Dataset content below:

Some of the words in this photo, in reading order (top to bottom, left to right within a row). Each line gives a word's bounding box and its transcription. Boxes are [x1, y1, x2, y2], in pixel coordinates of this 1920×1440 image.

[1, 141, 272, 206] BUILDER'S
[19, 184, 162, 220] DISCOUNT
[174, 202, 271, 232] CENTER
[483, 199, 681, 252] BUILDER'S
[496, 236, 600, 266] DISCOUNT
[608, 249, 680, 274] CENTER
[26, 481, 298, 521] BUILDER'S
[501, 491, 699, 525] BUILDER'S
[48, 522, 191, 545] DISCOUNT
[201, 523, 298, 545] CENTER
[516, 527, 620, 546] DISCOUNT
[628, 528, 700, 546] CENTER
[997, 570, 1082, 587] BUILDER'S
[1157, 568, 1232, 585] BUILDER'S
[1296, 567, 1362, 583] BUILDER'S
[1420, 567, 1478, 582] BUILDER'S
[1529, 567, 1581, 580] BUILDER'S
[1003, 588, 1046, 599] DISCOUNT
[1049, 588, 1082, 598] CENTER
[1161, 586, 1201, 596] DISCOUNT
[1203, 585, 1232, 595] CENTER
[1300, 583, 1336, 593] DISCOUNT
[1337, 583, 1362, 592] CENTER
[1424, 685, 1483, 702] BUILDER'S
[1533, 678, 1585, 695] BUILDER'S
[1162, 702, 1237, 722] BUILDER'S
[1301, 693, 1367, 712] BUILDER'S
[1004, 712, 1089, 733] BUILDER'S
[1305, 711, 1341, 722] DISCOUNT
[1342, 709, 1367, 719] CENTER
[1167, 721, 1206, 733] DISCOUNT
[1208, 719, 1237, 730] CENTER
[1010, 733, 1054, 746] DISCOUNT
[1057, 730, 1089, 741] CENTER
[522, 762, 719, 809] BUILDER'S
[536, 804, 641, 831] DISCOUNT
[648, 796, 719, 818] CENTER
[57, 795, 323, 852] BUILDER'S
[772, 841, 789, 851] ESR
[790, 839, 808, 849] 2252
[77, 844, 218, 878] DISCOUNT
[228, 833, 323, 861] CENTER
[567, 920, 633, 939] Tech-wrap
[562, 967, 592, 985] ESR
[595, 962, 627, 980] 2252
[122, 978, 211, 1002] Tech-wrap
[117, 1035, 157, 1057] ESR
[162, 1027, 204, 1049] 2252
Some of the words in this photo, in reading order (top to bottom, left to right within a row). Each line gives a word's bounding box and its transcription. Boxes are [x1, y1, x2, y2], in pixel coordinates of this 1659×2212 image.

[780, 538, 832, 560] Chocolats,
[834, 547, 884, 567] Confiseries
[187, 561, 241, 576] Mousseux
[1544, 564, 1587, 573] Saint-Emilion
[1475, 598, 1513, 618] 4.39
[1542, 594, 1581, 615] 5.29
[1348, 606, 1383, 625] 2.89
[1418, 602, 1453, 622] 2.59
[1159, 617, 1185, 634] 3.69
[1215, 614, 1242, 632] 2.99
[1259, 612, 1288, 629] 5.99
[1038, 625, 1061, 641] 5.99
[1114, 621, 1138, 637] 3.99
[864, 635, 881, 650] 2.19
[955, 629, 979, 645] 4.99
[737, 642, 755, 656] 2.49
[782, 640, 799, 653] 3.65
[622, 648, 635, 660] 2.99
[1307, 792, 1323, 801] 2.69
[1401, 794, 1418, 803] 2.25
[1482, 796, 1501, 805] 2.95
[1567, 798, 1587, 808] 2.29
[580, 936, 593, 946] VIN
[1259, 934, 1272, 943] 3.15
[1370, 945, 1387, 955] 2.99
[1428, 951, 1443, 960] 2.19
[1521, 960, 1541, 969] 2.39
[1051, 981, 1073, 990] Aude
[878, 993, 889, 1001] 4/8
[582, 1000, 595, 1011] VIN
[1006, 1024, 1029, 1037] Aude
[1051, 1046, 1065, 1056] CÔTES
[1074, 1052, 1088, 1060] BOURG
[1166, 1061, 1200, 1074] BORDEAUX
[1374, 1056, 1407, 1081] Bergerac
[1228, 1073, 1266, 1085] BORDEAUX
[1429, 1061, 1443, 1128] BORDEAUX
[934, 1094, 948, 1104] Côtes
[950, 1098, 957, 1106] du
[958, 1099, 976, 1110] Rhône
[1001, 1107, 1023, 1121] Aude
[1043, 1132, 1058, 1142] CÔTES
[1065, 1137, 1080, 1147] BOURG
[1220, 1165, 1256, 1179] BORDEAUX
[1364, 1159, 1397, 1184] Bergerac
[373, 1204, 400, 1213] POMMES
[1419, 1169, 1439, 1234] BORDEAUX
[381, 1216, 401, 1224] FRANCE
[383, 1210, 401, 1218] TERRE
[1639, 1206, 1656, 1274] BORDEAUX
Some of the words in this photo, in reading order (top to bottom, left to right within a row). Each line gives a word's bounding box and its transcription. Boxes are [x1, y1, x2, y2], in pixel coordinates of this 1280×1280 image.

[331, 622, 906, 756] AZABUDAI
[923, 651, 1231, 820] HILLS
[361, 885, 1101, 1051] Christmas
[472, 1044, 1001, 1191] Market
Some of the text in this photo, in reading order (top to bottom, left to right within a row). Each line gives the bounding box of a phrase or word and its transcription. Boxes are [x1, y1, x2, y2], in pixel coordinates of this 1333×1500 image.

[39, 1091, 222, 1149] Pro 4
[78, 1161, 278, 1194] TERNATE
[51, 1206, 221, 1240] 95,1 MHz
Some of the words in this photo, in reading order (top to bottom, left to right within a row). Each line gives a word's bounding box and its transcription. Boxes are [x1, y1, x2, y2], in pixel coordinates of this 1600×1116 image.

End of Dataset content.

▶ Your goal
Write the complete data out, exactly as above.

▶ Exercise output
Some of the words in this photo, in reading order (top to bottom, left to right within a row). Each line gives a word's bounding box and its transcription. Boxes are [x1, y1, x2, y2], in pixel coordinates of this 1920×1440 image.

[1, 141, 272, 206] BUILDER'S
[19, 184, 162, 220] DISCOUNT
[174, 202, 271, 232] CENTER
[483, 199, 681, 252] BUILDER'S
[496, 236, 600, 266] DISCOUNT
[608, 249, 680, 274] CENTER
[26, 481, 298, 521] BUILDER'S
[501, 491, 699, 525] BUILDER'S
[48, 522, 191, 545] DISCOUNT
[201, 523, 298, 545] CENTER
[516, 527, 620, 546] DISCOUNT
[628, 528, 700, 546] CENTER
[997, 570, 1082, 587] BUILDER'S
[1157, 568, 1232, 585] BUILDER'S
[1296, 567, 1362, 583] BUILDER'S
[1420, 567, 1478, 582] BUILDER'S
[1529, 567, 1581, 580] BUILDER'S
[1003, 588, 1046, 599] DISCOUNT
[1049, 588, 1082, 598] CENTER
[1161, 586, 1201, 596] DISCOUNT
[1203, 585, 1232, 595] CENTER
[1300, 583, 1336, 593] DISCOUNT
[1337, 583, 1362, 592] CENTER
[1424, 685, 1483, 702] BUILDER'S
[1533, 678, 1585, 695] BUILDER'S
[1162, 702, 1237, 722] BUILDER'S
[1301, 693, 1367, 712] BUILDER'S
[1004, 712, 1089, 733] BUILDER'S
[1305, 711, 1341, 722] DISCOUNT
[1342, 709, 1367, 719] CENTER
[1167, 721, 1206, 733] DISCOUNT
[1208, 719, 1237, 730] CENTER
[1010, 733, 1054, 746] DISCOUNT
[1057, 730, 1089, 741] CENTER
[522, 762, 719, 809] BUILDER'S
[536, 804, 641, 831] DISCOUNT
[648, 796, 719, 818] CENTER
[57, 795, 323, 852] BUILDER'S
[772, 841, 789, 851] ESR
[790, 839, 808, 849] 2252
[77, 844, 218, 878] DISCOUNT
[228, 833, 323, 861] CENTER
[567, 920, 633, 939] Tech-wrap
[562, 967, 592, 985] ESR
[595, 962, 627, 980] 2252
[122, 978, 211, 1002] Tech-wrap
[117, 1035, 157, 1057] ESR
[162, 1027, 204, 1049] 2252
Some of the words in this photo, in reading order (top to bottom, left to right within a row). Each line gives a word's bounding box and its transcription. Boxes are [x1, y1, x2, y2], in pixel coordinates of this 1659×2212 image.

[780, 538, 832, 560] Chocolats,
[834, 547, 884, 567] Confiseries
[187, 561, 241, 576] Mousseux
[1544, 564, 1587, 573] Saint-Emilion
[1475, 598, 1513, 618] 4.39
[1542, 594, 1581, 615] 5.29
[1348, 606, 1383, 625] 2.89
[1418, 602, 1453, 622] 2.59
[1159, 617, 1185, 634] 3.69
[1215, 614, 1242, 632] 2.99
[1259, 612, 1288, 629] 5.99
[1038, 625, 1061, 641] 5.99
[1114, 621, 1138, 637] 3.99
[864, 635, 881, 650] 2.19
[955, 629, 979, 645] 4.99
[737, 642, 755, 656] 2.49
[782, 640, 799, 653] 3.65
[622, 648, 635, 660] 2.99
[1307, 792, 1323, 801] 2.69
[1401, 794, 1418, 803] 2.25
[1482, 796, 1501, 805] 2.95
[1567, 798, 1587, 808] 2.29
[580, 936, 593, 946] VIN
[1259, 934, 1272, 943] 3.15
[1370, 945, 1387, 955] 2.99
[1428, 951, 1443, 960] 2.19
[1521, 960, 1541, 969] 2.39
[1051, 981, 1073, 990] Aude
[878, 993, 889, 1001] 4/8
[582, 1000, 595, 1011] VIN
[1006, 1024, 1029, 1037] Aude
[1051, 1046, 1065, 1056] CÔTES
[1074, 1052, 1088, 1060] BOURG
[1166, 1061, 1200, 1074] BORDEAUX
[1374, 1056, 1407, 1081] Bergerac
[1228, 1073, 1266, 1085] BORDEAUX
[1429, 1061, 1443, 1128] BORDEAUX
[934, 1094, 948, 1104] Côtes
[950, 1098, 957, 1106] du
[958, 1099, 976, 1110] Rhône
[1001, 1107, 1023, 1121] Aude
[1043, 1132, 1058, 1142] CÔTES
[1065, 1137, 1080, 1147] BOURG
[1220, 1165, 1256, 1179] BORDEAUX
[1364, 1159, 1397, 1184] Bergerac
[373, 1204, 400, 1213] POMMES
[1419, 1169, 1439, 1234] BORDEAUX
[381, 1216, 401, 1224] FRANCE
[383, 1210, 401, 1218] TERRE
[1639, 1206, 1656, 1274] BORDEAUX
Some of the words in this photo, in reading order (top to bottom, left to right within a row). Each line gives a word's bounding box and its transcription. Boxes are [x1, y1, x2, y2], in pixel coordinates of this 1280×1280 image.

[331, 622, 906, 756] AZABUDAI
[923, 651, 1231, 820] HILLS
[361, 885, 1101, 1051] Christmas
[472, 1044, 1001, 1191] Market
Some of the text in this photo, in reading order (top to bottom, left to right within a row). Each line gives the bounding box of a phrase or word and its transcription. Boxes are [x1, y1, x2, y2], in pixel coordinates of this 1333×1500 image.

[39, 1091, 222, 1149] Pro 4
[78, 1161, 278, 1194] TERNATE
[51, 1206, 221, 1240] 95,1 MHz
Some of the words in this photo, in reading order (top to bottom, left to right within a row). Each line gives a word's bounding box and its transcription. Boxes are [x1, y1, x2, y2], in pixel coordinates of this 1600×1116 image.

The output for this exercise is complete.